If you think the American Dream is inherently flawed because it is “American,” let me remind you of your unique position here, in the United States, to pursue God—and that God is to be pursued in all lands. No matter if we are “men from the east” or “men of Athens” or “men of America,” we can be “men of God.”

The Jewish and Roman Apostle Paul wrote his letter of Ephesians from prison, encouraging us to “redeem the time” even though “the days are evil” (5:16).

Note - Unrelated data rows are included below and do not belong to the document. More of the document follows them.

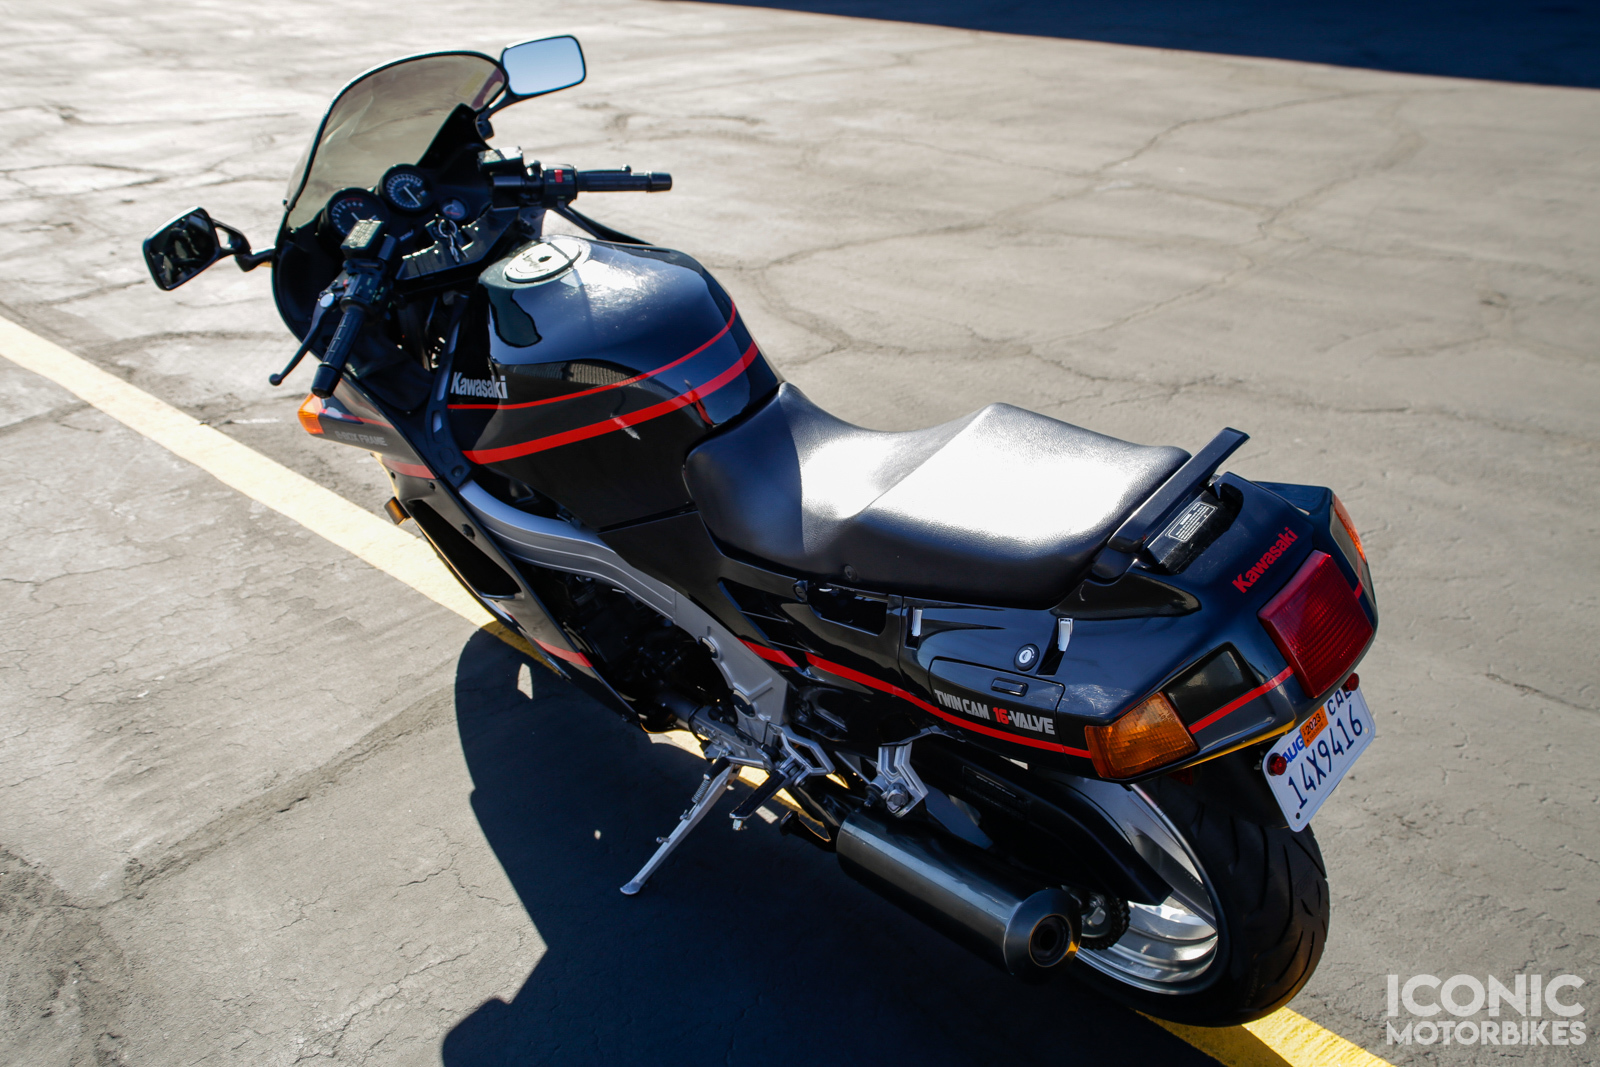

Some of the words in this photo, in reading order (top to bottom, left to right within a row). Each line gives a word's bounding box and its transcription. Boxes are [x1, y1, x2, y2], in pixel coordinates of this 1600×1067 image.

[450, 371, 508, 399] Kawasaki
[1232, 526, 1299, 594] Kawasaki
[934, 689, 964, 712] TWIN
[962, 698, 991, 720] CAM
[993, 707, 1056, 735] 16-VALVE
[1305, 712, 1322, 737] 2023
[1281, 734, 1306, 765] AUG
[1288, 704, 1363, 810] 14X9416

In our own culture, the American Baptist minister Martin Luther King Jr. wrote a letter, also from prison, in which he encouraged those in the midst of their evil day to stand up “for what is best in the American dream and for the most sacred values in our Judeo-Christian heritage, and thusly, carrying our whole nation back to those great wells of democracy which were dug deep by the founding fathers in the formulation of the Constitution and the Declaration of Independence.”[1]

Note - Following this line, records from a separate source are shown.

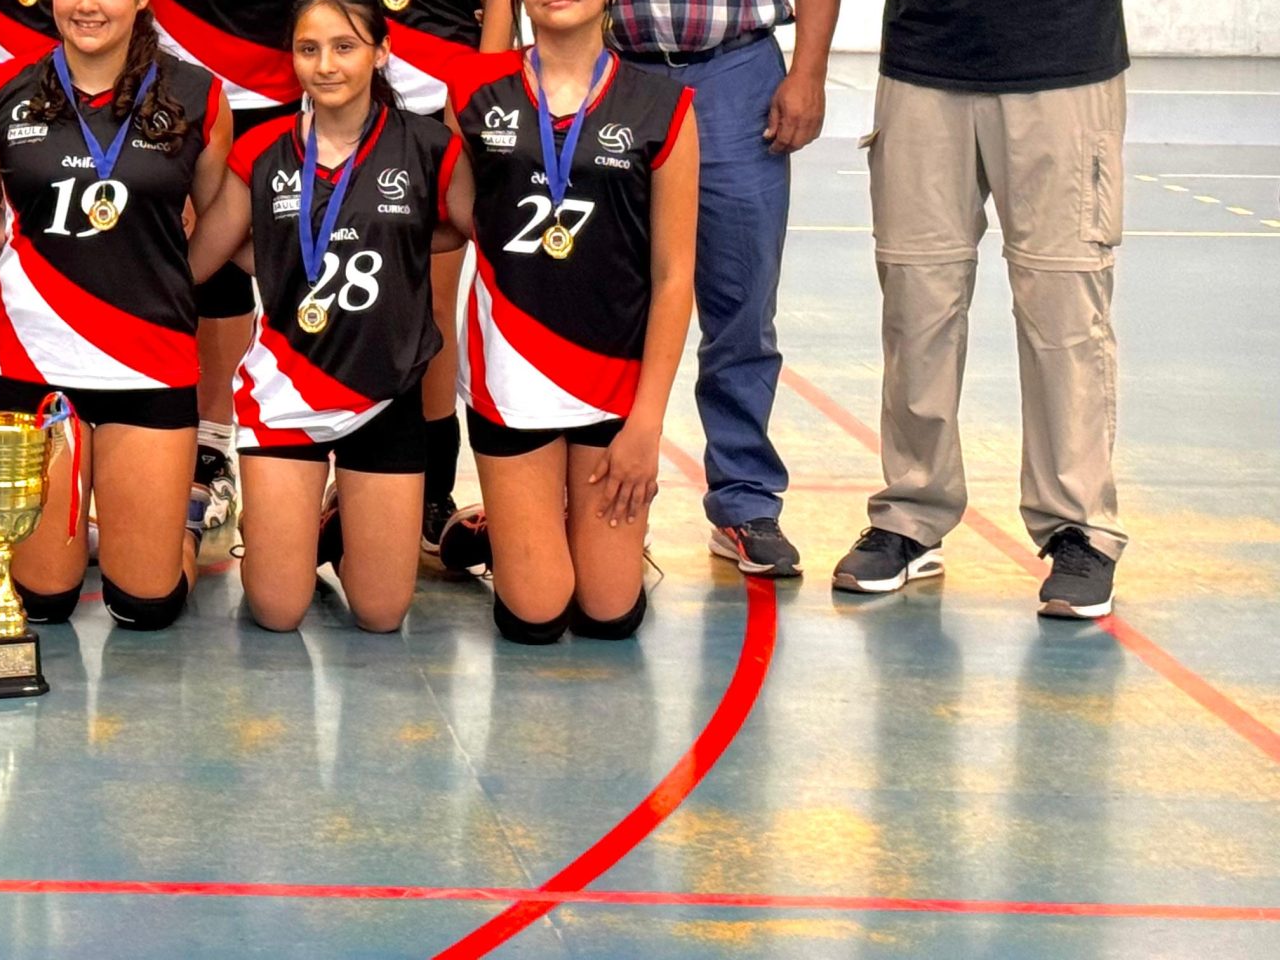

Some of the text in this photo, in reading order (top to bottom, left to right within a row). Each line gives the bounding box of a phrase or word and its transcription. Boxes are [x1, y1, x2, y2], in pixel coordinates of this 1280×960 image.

[8, 125, 48, 139] MAULE
[594, 155, 631, 170] CURICÓ
[43, 177, 129, 238] 19
[503, 194, 596, 254] 27
[298, 250, 383, 312] 28

Those founding documents are great ones. They are not Scripture, nor should we treat them as such. But insofar as they provide for the flourishing of man in recognition of God’s providence, they can be for us and for future generations a means not only by which our citizens come to know their Creator, but for promoting the freedom that allows our own creativity and prosperity to point others to a generous God who made us all.

So, fellow Christians and Christian ministers and authors, when you so freely speak of an American Dream that is unspiritual or unworthy . . .

Be not surprised when that freedom with which you speak is no longer enjoyed by those who come after you.

Be not surprised that a national outrage is so agitated that Americans hate their institutions, hate their leaders, and hate their fellow Americans.

Be not surprised when we trade our extraordinary Dream for a familiar slumber.

Cultural Trend #2: Our Access to Information in Excess Has Given Us a False Sense of Wisdom and Expertise

Acquiring information, pursuing knowledge, and listening to the thoughts and arguments of others aren’t bad things to do. If I thought so, then delivering a sermon would be a foolish exercise. We are, by nature, creatures who want to know, but there are some traps within this unending need for access to and awareness of what’s going on.

Again, it is the wisdom of the Scriptures that instructs us about who we are.

Interestingly, a world in which Adam and Eve had it all—an earth that produced for them unending nourishment and delight, direct access to God, and uninhibited access to each other—was brought down by the desire to know just a little bit more, to obtain a god-like knowledge (Genesis 3:5–6).

In Paul’s last letters in the New Testament, he warns young Timothy against those who are “always learning and never able to come to the knowledge of the truth” (2 Timothy 3:7).

So in our excess of access, let’s beware of a few things before we endlessly scroll, and click, and subscribe, and watch:

The exchange of information isn’t neutral. Imagine for a moment that you had no knowledge of the recent events in our nation’s capital, and I reported to you the following two versions of what happened:

  • Version 1: An unarmed, 14-year military veteran was killed by police while protesting at the building that sent her to war four times.
  • Version 2: A rioter breached the United States Capitol through a smashed window strapped with a backpack, but was thwarted by police just before reaching the inner chambers where Congress was in session.

Two versions, same event. If I want to continue to influence what you think, I would tell you the person’s age, sex, political affiliation, and arrest record. I’d label that person a patriot or a terrorist. Those details change what you think, don’t they? They are designed to.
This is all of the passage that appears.